Carlos Rodriguez-Galindo, former president of Histiocyte Society
The upcoming Nikolas Symposiums marks an important turn point; its 30 year anniversary.
Its topic is “Thirty Years of the Nikolas Symposium” and “Neurodegeneration in LCH”.
The 29th Nikolas Symposium
The 29th Nikolas Symposium was held from May 16th until the 19th, 2019 at Divani Apollon Palace & Thalasso. Its focus was on Immune Strategies in the Histiocytoses and the discussion was twofold. First, the conference centered on the use of the new family of drugs called kinase inhibitors. These are highly effective; however, they do not cure the disease but rather its symptoms. The second aspect of the Symposium focused on new approaches to treatment that might be used together with kinase inhibitors by targeting blood vessels which supply nutrients to the lesions for instance. Kinase inhibitors are an important new weapon for treating Histiocytic Disorders. Detailed proceedings will be available soon.
The Jon Pritchard Fellowship was awarded to Dr. Thomas Michael Burke and Dr. Olive Eckstein. The Symposium ended with a lovely excursion to Sounio on the outskirts of Athens.

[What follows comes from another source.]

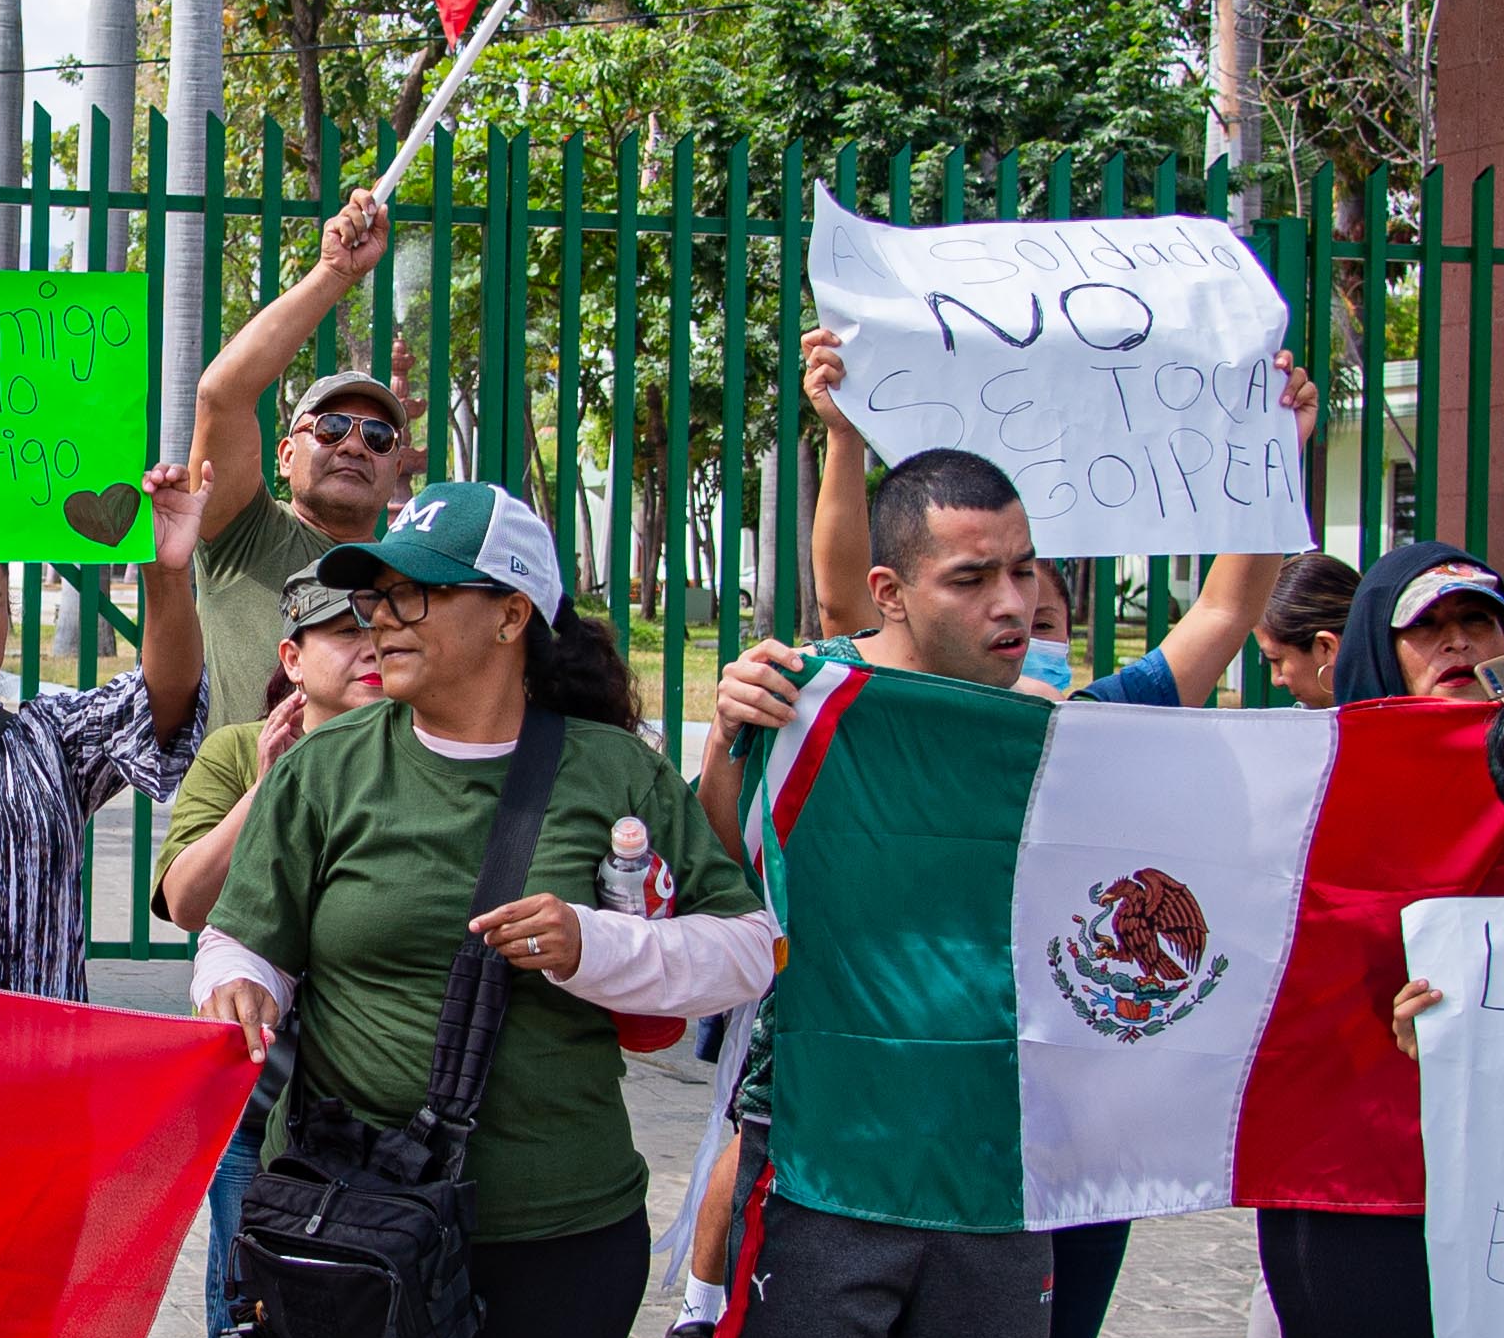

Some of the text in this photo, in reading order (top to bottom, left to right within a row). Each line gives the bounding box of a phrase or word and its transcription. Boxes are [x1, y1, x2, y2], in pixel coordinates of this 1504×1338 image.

[929, 224, 1241, 285] Soldado
[924, 281, 1154, 356] NO
[868, 357, 1268, 452] SE TOCA

The 28th Nikolas Symposium
The 28th Nikolas Symposium was held from May 10th until the 13st. It focused on Myeloid Cell Programming and Differentiation and examined the link between myeloid cells that function abnormally in LCH and the mutation of the B-RAF molecule. Proceedings are available here (See detailed proceedings). The Symposium revealed that there are now new technologies to study the effect of the B-RAF mutation on myeloid progenitor cells, which will surely reveal new targets for therapy. The Jon Pritchard Fellowship was awarded to Drs. Karen PhaikHar Lim and Roei D. Mazor.
The Symposium also organized a trip to the Acropolis. Notably, right below the world-renown Parthenon lies the temple of Asclepius, god of medicine, and his daughter Hygiea, the goddess of health.

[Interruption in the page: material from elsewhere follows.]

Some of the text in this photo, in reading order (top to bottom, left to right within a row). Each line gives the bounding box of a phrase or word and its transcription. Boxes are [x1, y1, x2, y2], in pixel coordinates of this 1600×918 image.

The 27th Nikolas Symposium
The 27th Nikolas Symposium, held in May 18th – 21st, was very prolific and marked a major advancement by focusing not only on unsolved questions around the development of LCH but also on the implementation of a rationale cure. The Symposium’s topic was LCH: The Cell of Origin and a Pathway to a Rationale Cure and the proceedings are available here (See detailed proceedings). The Jon Pritchard Fellowship was awarded to Dr. Paul Milne, Dr. Matthias Papo and Dr. Brandon Hogstad.

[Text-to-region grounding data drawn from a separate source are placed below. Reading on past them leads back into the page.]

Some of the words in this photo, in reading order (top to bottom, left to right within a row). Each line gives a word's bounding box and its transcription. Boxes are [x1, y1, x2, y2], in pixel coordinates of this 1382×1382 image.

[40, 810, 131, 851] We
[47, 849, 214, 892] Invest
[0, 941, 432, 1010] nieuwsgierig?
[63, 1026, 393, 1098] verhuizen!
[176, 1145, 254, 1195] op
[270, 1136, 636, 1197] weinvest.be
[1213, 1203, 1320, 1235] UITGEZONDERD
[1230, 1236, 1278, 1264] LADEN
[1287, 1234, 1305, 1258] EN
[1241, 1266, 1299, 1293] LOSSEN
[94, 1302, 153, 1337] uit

Moreover, the Symposium organized a trip to the National Archeological Museum, a landmark museum, home to Greece’s largest collection of ancient artifacts. Notably, the museum is home to the famous Antikythera Mechanism, the world’s oldest found computer.
The 26th Nikolas Symposium
During the course of this four-day symposium, participants discussed the Histiocytic disorders and enjoyed Greek hospitality. The Symposium’s topic was Beyond BRAF: Mechanisms of Resistance and Therapeutic Development and the proceedings are available here (See detailed proceedings). The Jon Pritchard Fellowship was awarded to Dr. Rikhia Chakraborty and Dr. Benjamin Durham.
The Symposium organized a trip to the archeological museum of Eleusis located in Eleusina, one of Greece’s most important cities. It is the location of the famous “Eleusinian Mysteries,” where initiations were held every year to honor the goddess Demetra. These celebrated Persephone’s annual return to Earth from the kingdom of Hades. The mysteries pay homage to life, an appropriate metaphor and a wonderful way to close the 26th Nikolas Symposium.